Prevention or Modification of Epileptogenesis of the KD Therapy
The term epileptogenesis refers to a complex processes that happens prior to the initial epileptic seizure appears to translate the epileptic brain with higher propensity of recurrent seizures and processes that aggravate seizures to drug resistant (12), which involves alterations in expression and functions of receptors and ion channels, epigenetic alterations, inflammatory mechanisms, glial activation, and reorganization of neuronal circuitry (16, 24). The true antiepileptogenic efficacy means prophylactic drug treatment in prevention of spontaneous recurrent seizures after a brain insult. The term disease modification refers to the therapy may modulate the intrinsic process of the disease even though it may not hamper the occurrence of a disease (12). The halt of development of epilepsy after initial diagnosis is defined as a therapy of disease modification (12). Until now, conventional AEDs offered efficacy only for inhibition of epileptic seizures and not for prophylaxis therapeutic intervention of epilepsy or modulation of the epilepsy development. Therefore, novel avenues for ideal therapies to hamper disease development of epilepsy are imperative (16).

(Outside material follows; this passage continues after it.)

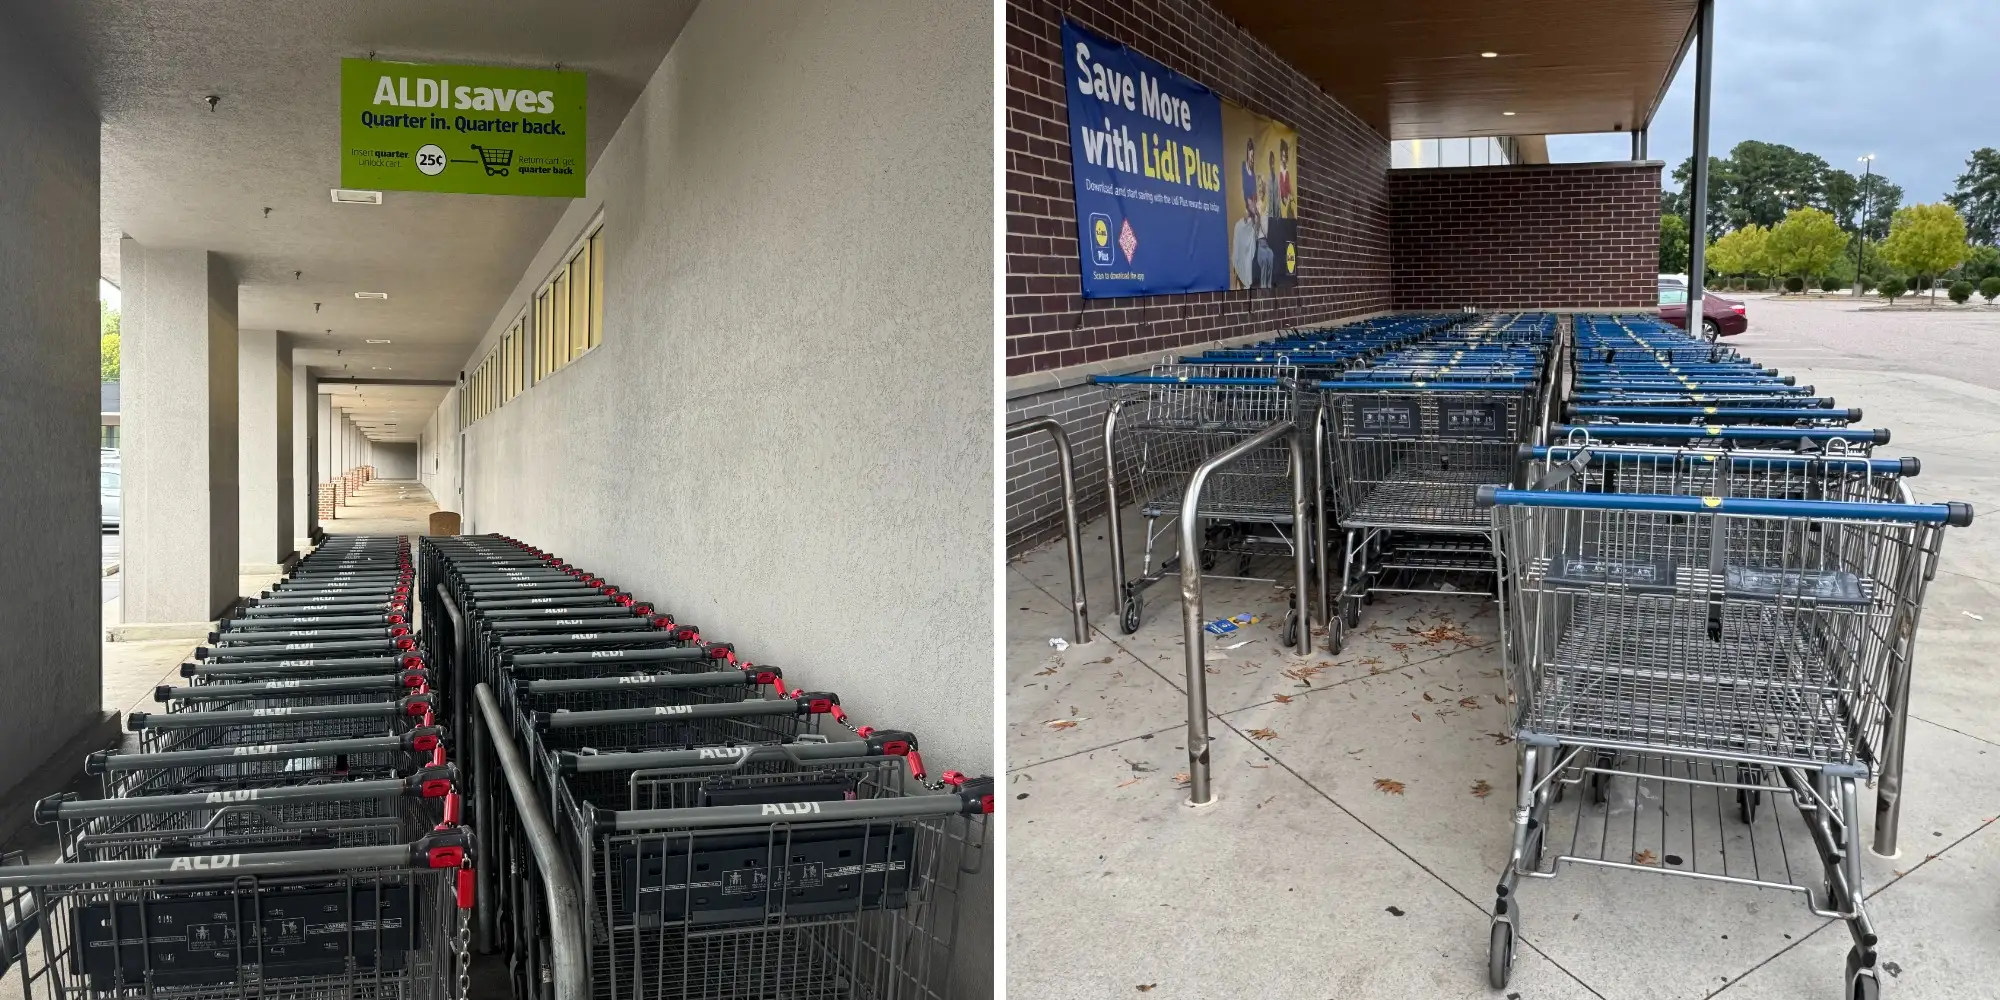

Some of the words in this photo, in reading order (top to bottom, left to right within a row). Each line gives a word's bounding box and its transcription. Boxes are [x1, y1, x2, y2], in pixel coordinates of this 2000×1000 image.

The high-fat, low-carbohydrate KD has been regarded as a palliative therapy for pharmacoresistant epilepsy in children and adults. The 30% of children with pharmacoresistant epilepsy on the diet had more than 90% seizure reduction, and 52% of the children had more than 50% seizure reduction at 3 months (25). Even in adult patients with drug resistant epilepsy, 32% of those using KD attained the efficacy of seizure reduction more than 50% (26). Previous data on KD therapy in adolescents and adults indicted that up to 13% of patients with pharmacoresistant epilepsy were seizure-free and approximately two thirds of patients reduced seizure more than 50% (27). Currently, most of the KD therapy studies in epilepsy mainly focused on KD efficacy in seizure control, and no valid and well-designed clinical research to evaluate the efficacy of KD therapy on antiepileptogenesis or disease modification has been implemented (16). The emerging clinical findings indicated that KD can also provide antiepileptogenic and disease-modifying therapies in pharmacoresistant epilepsy (17, 28). Some patients with KD therapy become long term seizure-free even after termination of KD therapy (17). The long term clinical efficacy in KD therapy for epilepsy over time might suggest the mechanism underlying disease-modification (29).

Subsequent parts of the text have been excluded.